(Referring expression grounding data)

★ ★ ★

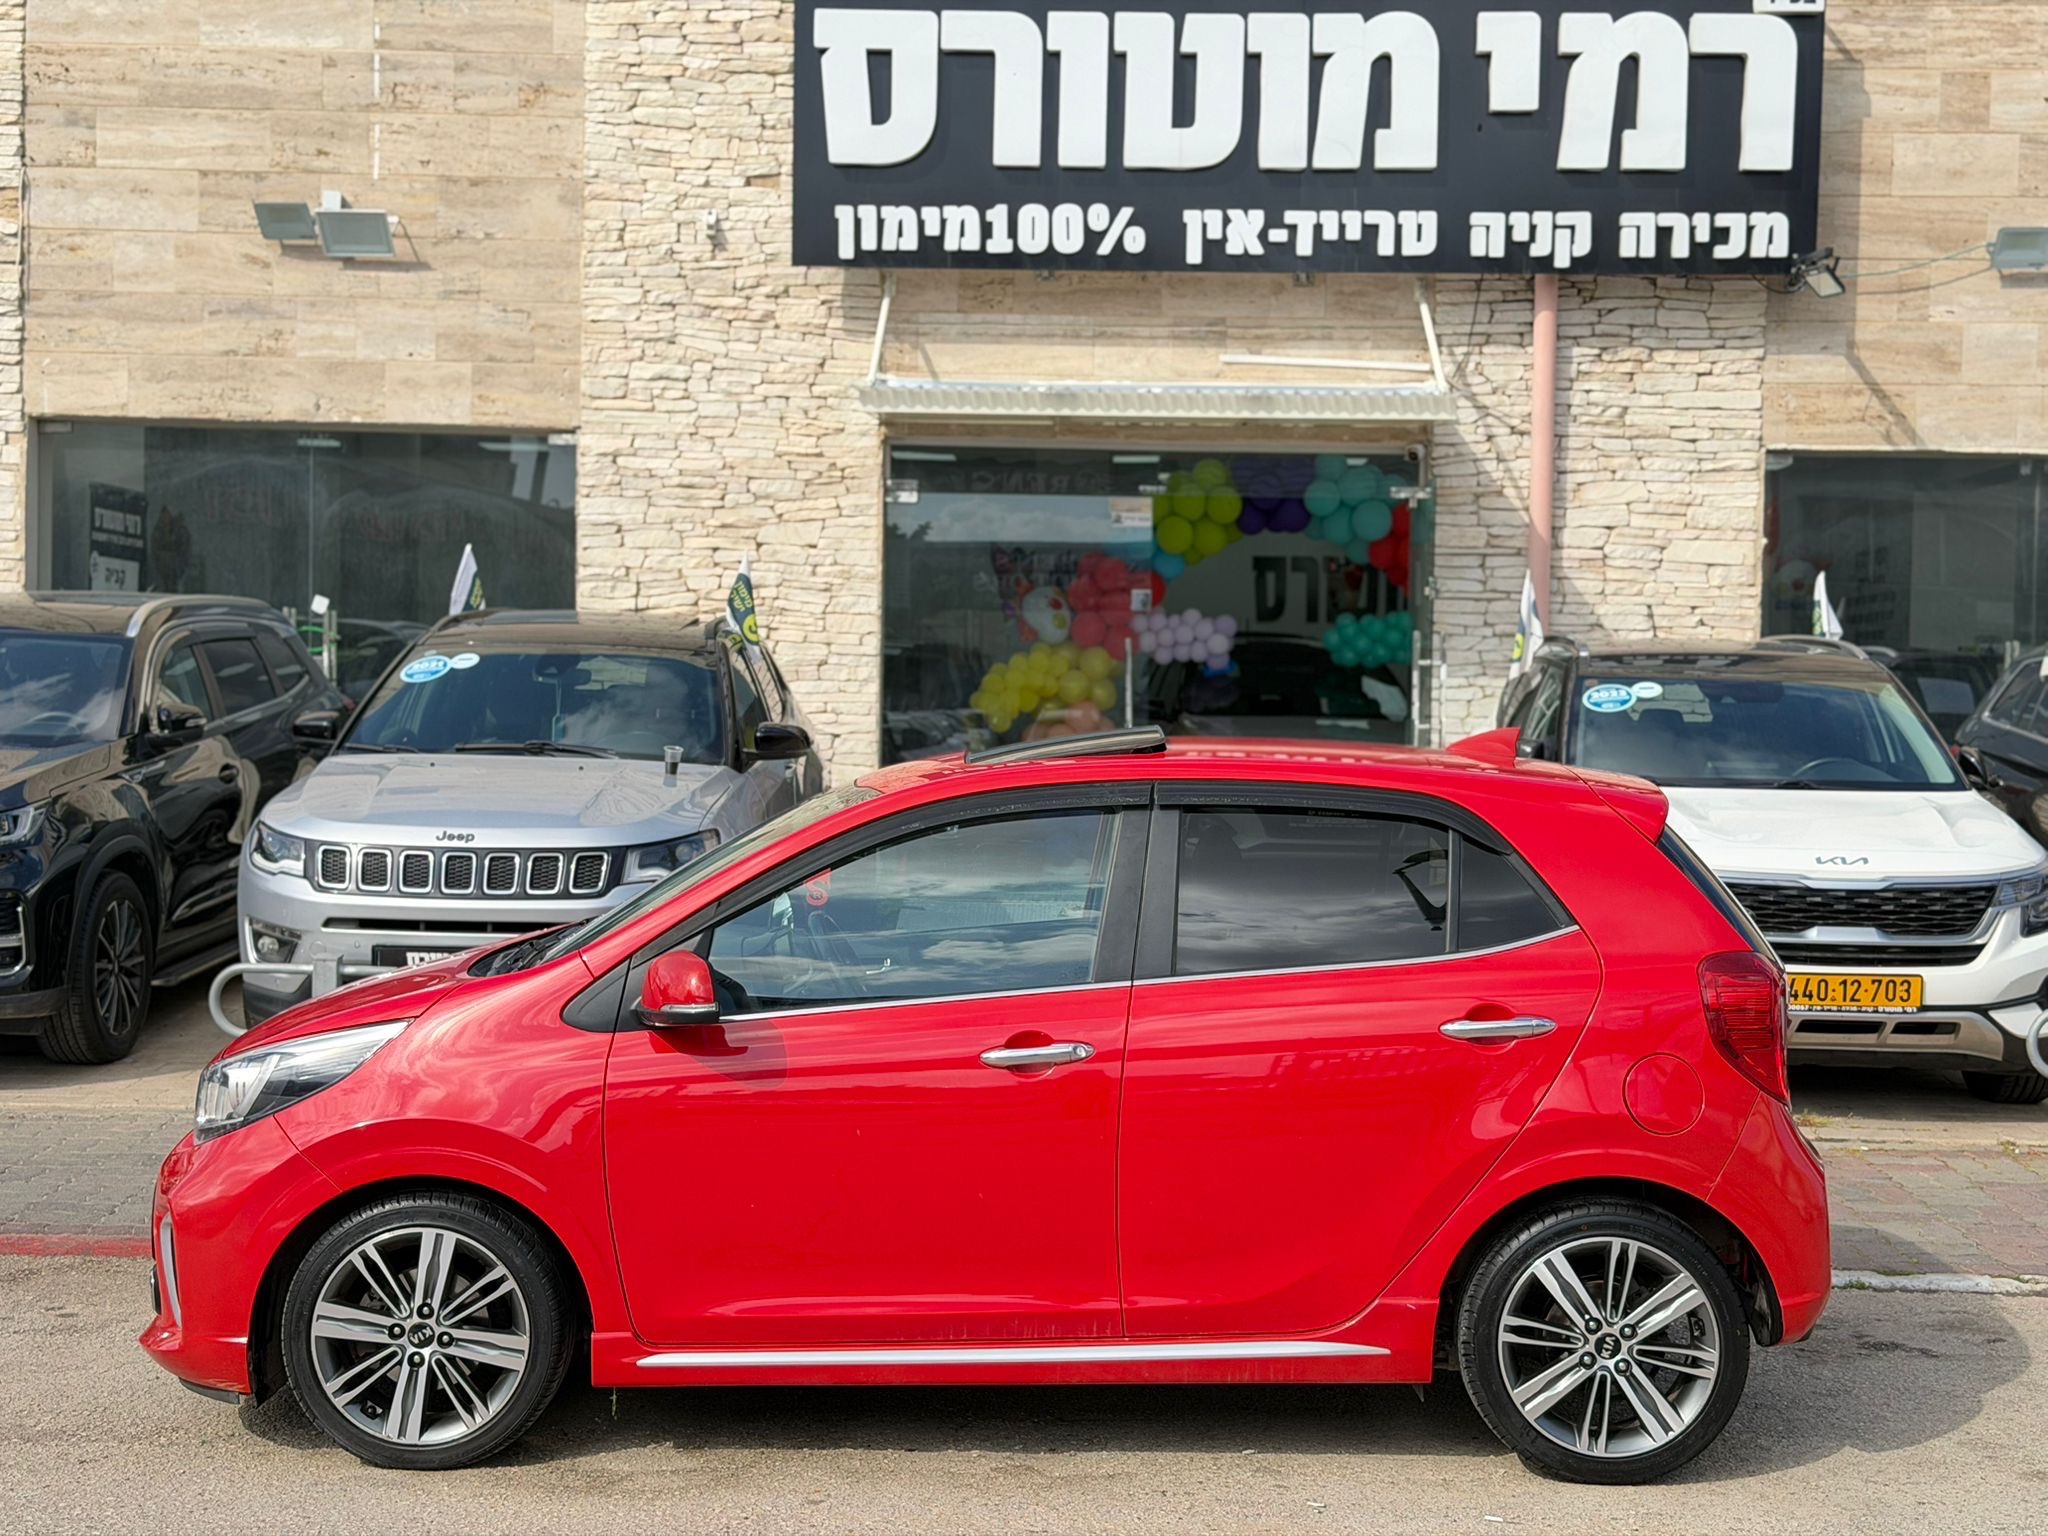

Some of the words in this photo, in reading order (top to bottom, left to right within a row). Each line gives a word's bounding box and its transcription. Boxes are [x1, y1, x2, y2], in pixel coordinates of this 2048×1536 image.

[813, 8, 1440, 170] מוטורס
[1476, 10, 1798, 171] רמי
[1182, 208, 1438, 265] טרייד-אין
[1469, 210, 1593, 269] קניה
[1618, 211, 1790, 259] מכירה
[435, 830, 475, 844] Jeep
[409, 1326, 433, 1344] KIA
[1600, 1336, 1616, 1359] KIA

★ ★ ★

Send back every line above exactly, skipping all pictures.

_FINISHED EXERCISE_
Some of the words in this photo, in reading order (top to bottom, left to right within a row). Each line gives a word's bounding box and its transcription. Boxes are [x1, y1, x2, y2], in pixel coordinates of this 2048×1536 image.

[813, 8, 1440, 170] מוטורס
[1476, 10, 1798, 171] רמי
[1182, 208, 1438, 265] טרייד-אין
[1469, 210, 1593, 269] קניה
[1618, 211, 1790, 259] מכירה
[435, 830, 475, 844] Jeep
[409, 1326, 433, 1344] KIA
[1600, 1336, 1616, 1359] KIA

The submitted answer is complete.